Compare those parades with the shows of the militarily strongest nation on the planet, the United States. We may do flyovers of military aircraft and march an honor guard representing the respective service at a funeral. We may march representatives from all the services as a sign of respect at a presidential inauguration. But we leave the tanks and rocket launchers back at the base. And when we celebrate our national day, July 4, we march as citizens in the ranks of our high school band, our veterans group, our service club, our scouting organization, and other civic-minded groups. We celebrate with bunting, balloons, and fireworks—not actual weapons of destruction. We don’t have to show how strong we are, because we’ve proven that strength again and again. We will buy you a lemonade with a grin that says, “Don’t ask.”
I’m writing this post two days after the bombing of the Boston Marathon. At this time, we don’t have a declaration or a reason for the bombs that went off at the finish line. But even if some group or individual were to come forward2 with a doctrine or a demand or a claim of righteousness, I’m not sure there would be any more point to the action than, “See? I can make you bleed. I can make you grieve. I can terrify, horrify, and disgust you.”3
To some minds—whether the calculating, political operative who thinks he uses terror as a weapon or a lever to his ends, or the ingrown, isolated individual who lashes out against his tormentors, his demons, or simply against those he believes are better off than him—this act of blood may seem like strength. It might look like an undeniable and irrefutable statement. But it’s an act of desperate, hopeless weakness.

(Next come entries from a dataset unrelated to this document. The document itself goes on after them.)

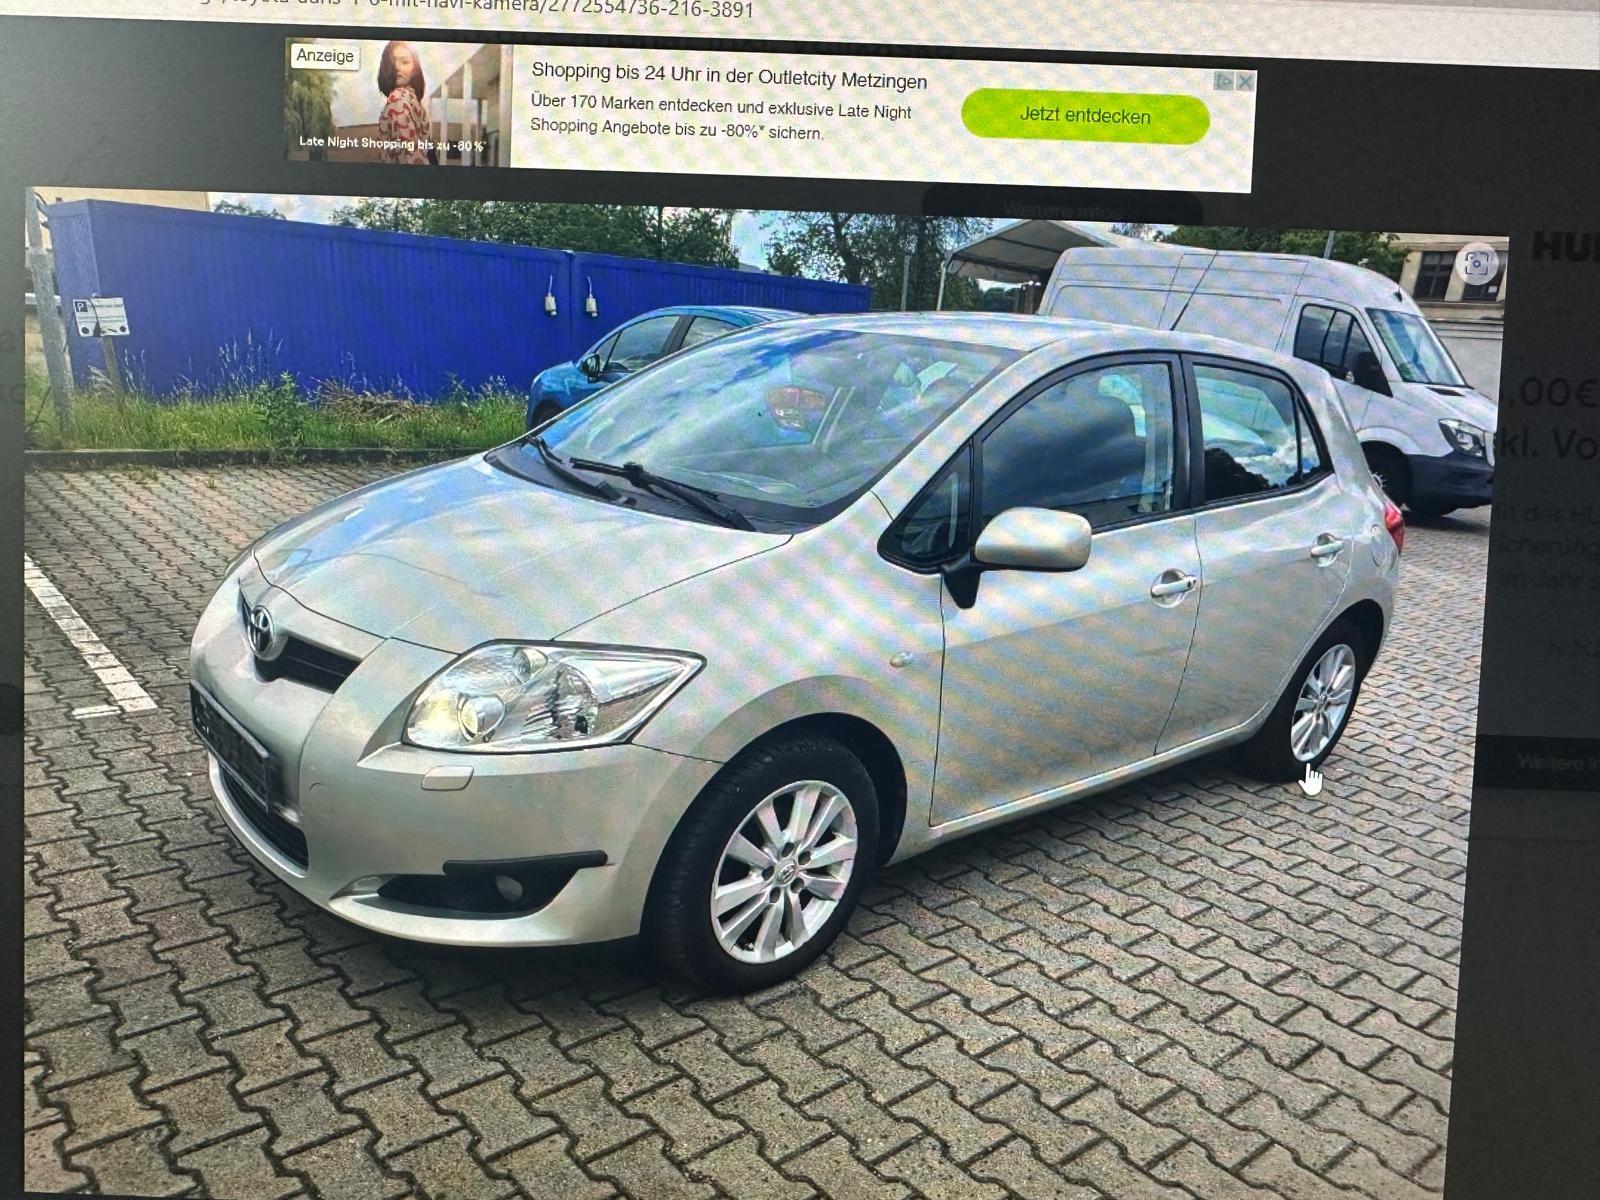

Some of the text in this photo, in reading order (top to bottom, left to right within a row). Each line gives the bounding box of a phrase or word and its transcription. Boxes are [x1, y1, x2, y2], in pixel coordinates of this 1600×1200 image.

[296, 47, 354, 66] Anzeige
[532, 62, 927, 93] Shopping bis 24 Uhr in der Outletcity Metzingen
[531, 91, 912, 121] Über 170 Marken entdecken und exklusive Late Night
[1020, 105, 1151, 124] Jetzt entdecken
[531, 117, 597, 135] Shopping
[602, 119, 671, 137] Angebote
[675, 121, 696, 136] bis
[699, 125, 717, 137] zu
[769, 125, 824, 141] sichern.
[299, 135, 325, 147] Late
[328, 136, 359, 149] Night
[361, 137, 415, 152] Shopping
[417, 139, 434, 151] bis
[436, 142, 450, 152] zu
[1500, 376, 1598, 408] ,00€

Those who cannot prove their case or invite the participation of their fellows with facts, logic, and persuasion, in the final act of bitter failure will plant a bomb and sneak off. Those who cannot defend themselves with their wit and grace, or with their fists and courage, in the last gasp of frustration will plant a bomb and sneak off. Ted Kaczynski, the Unabomber, may have thought he was delivering a scathing indictment of technology, or capitalism, or the bourgeoisie. He was simply declaring his failure of consequence.

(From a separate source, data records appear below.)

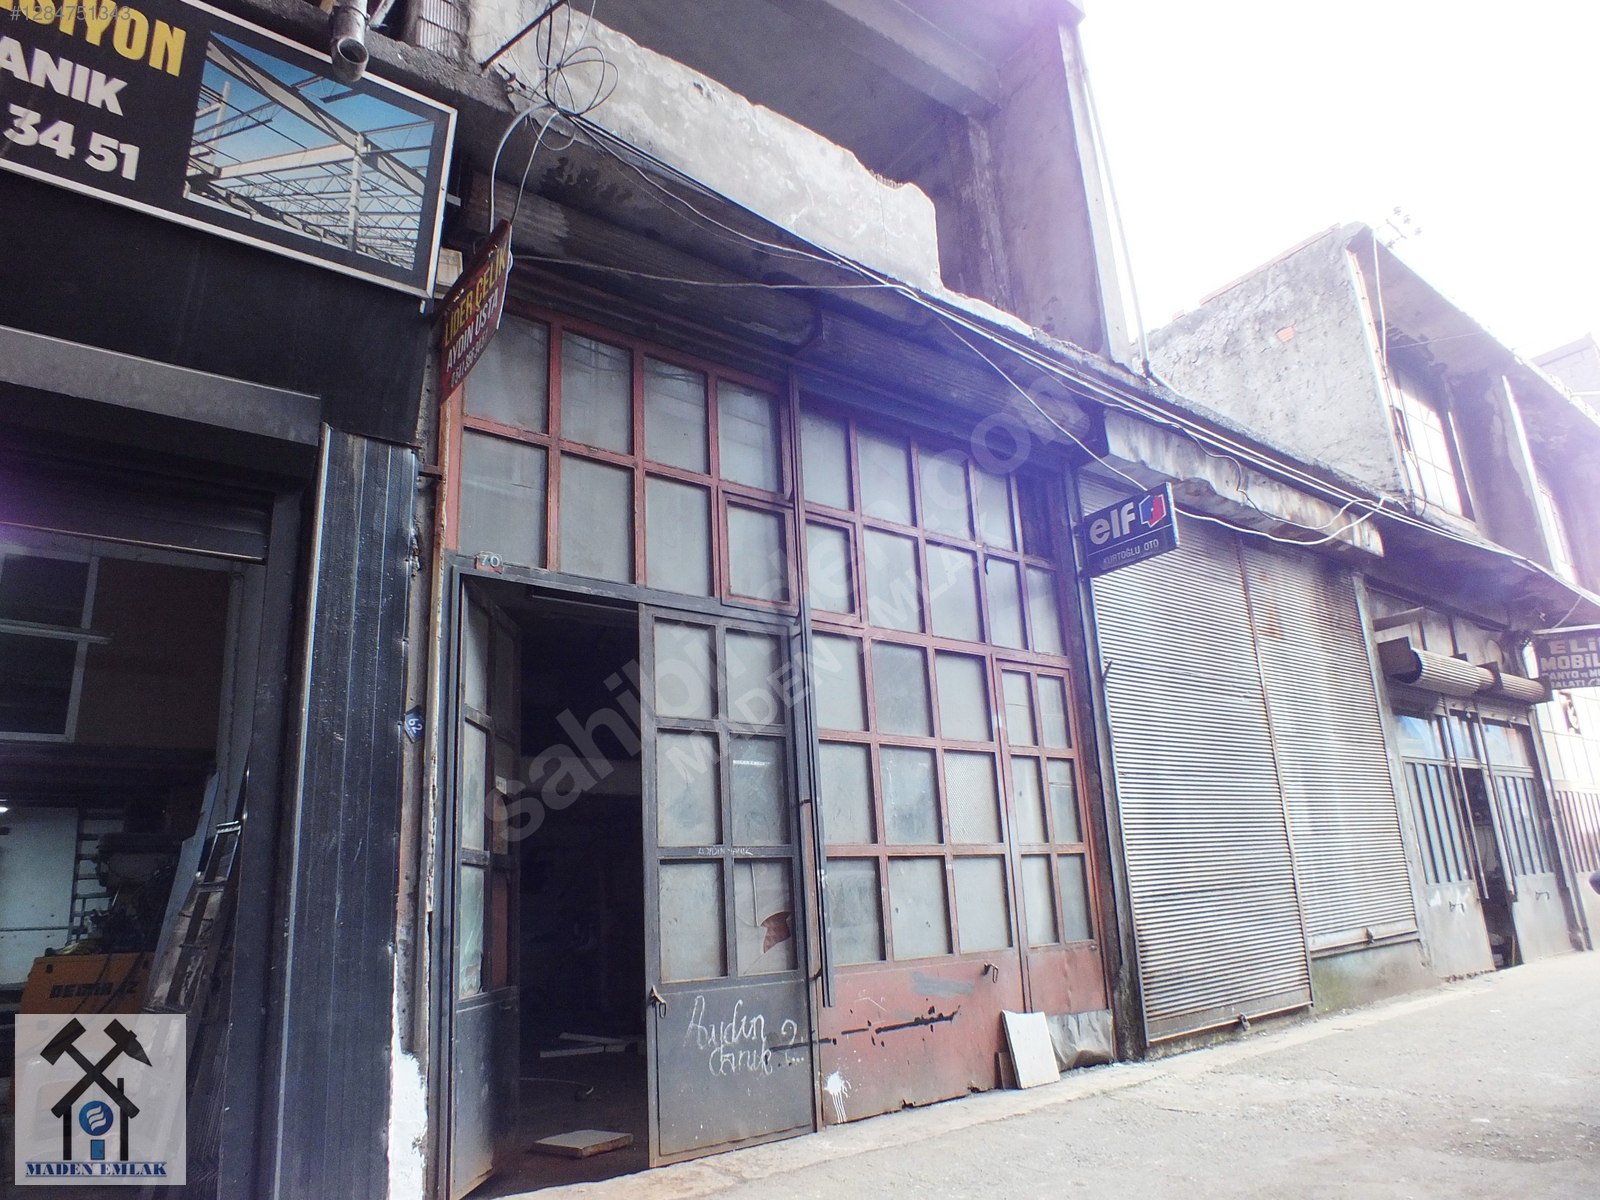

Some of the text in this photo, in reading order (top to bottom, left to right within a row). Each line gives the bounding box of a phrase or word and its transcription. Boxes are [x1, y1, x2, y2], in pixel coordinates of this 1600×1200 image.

[4, 103, 140, 181] 34 51
[446, 287, 499, 373] AYDIN USTA
[1089, 502, 1136, 545] elf
[1143, 538, 1160, 551] OTO
[481, 554, 500, 567] 70
[408, 718, 423, 734] 62

Strength is proven not by a single act but by a whole pattern of actions, a lifetime, a response of character to challenge. The strong accept that things will not always go their way. They prepare themselves in mind and body for the fights and struggles and tests of endurance that may be brought to them. They prepare to protect and preserve those people and principles they love and honor. They endure what cannot be changed and change what can no longer be endured. Strength is a response that goes so far and then no farther. Strength does not lash out. The truly strong do not need to draw attention to themselves. And they protect the weak, rather than making tools of them.4
I would have thought this was obvious, as well understood today as it was to the audiences of Old Rome. But apparently we need reminding in every generation about who are the heroes and who the braggarts and cowards.
1. From a play of the same name by Plautus. The character was celebrated in a song of the same name in A Funny Thing Happened on the Way to the Forum.
2. As of posting, police have one seriously wounded teenager in custody, and his presumed accomplice—his brother—is dead. Still no reason that we know about has been given for the attack.
3. In this I’m reminded of the character Melkor in the chorus of Iluvatar, from the beginning of the universe according to J.R.R. Tolkien’s The Silmarillion. While all the other divine beings are singing together in harmony, Melkor is dissatisfied. He cannot come up with a better song himself, nor outshine them as a soloist; so he disrupts their chorus with the angelic equivalent of squeals, belches, farts, and other rude noises. He thinks he’s making a bold, brave statement, but all he’s saying is, “I can make noise, too.”
4. For more on the obligations of the strong to the weak, see What is Strength? from November 20, 2011.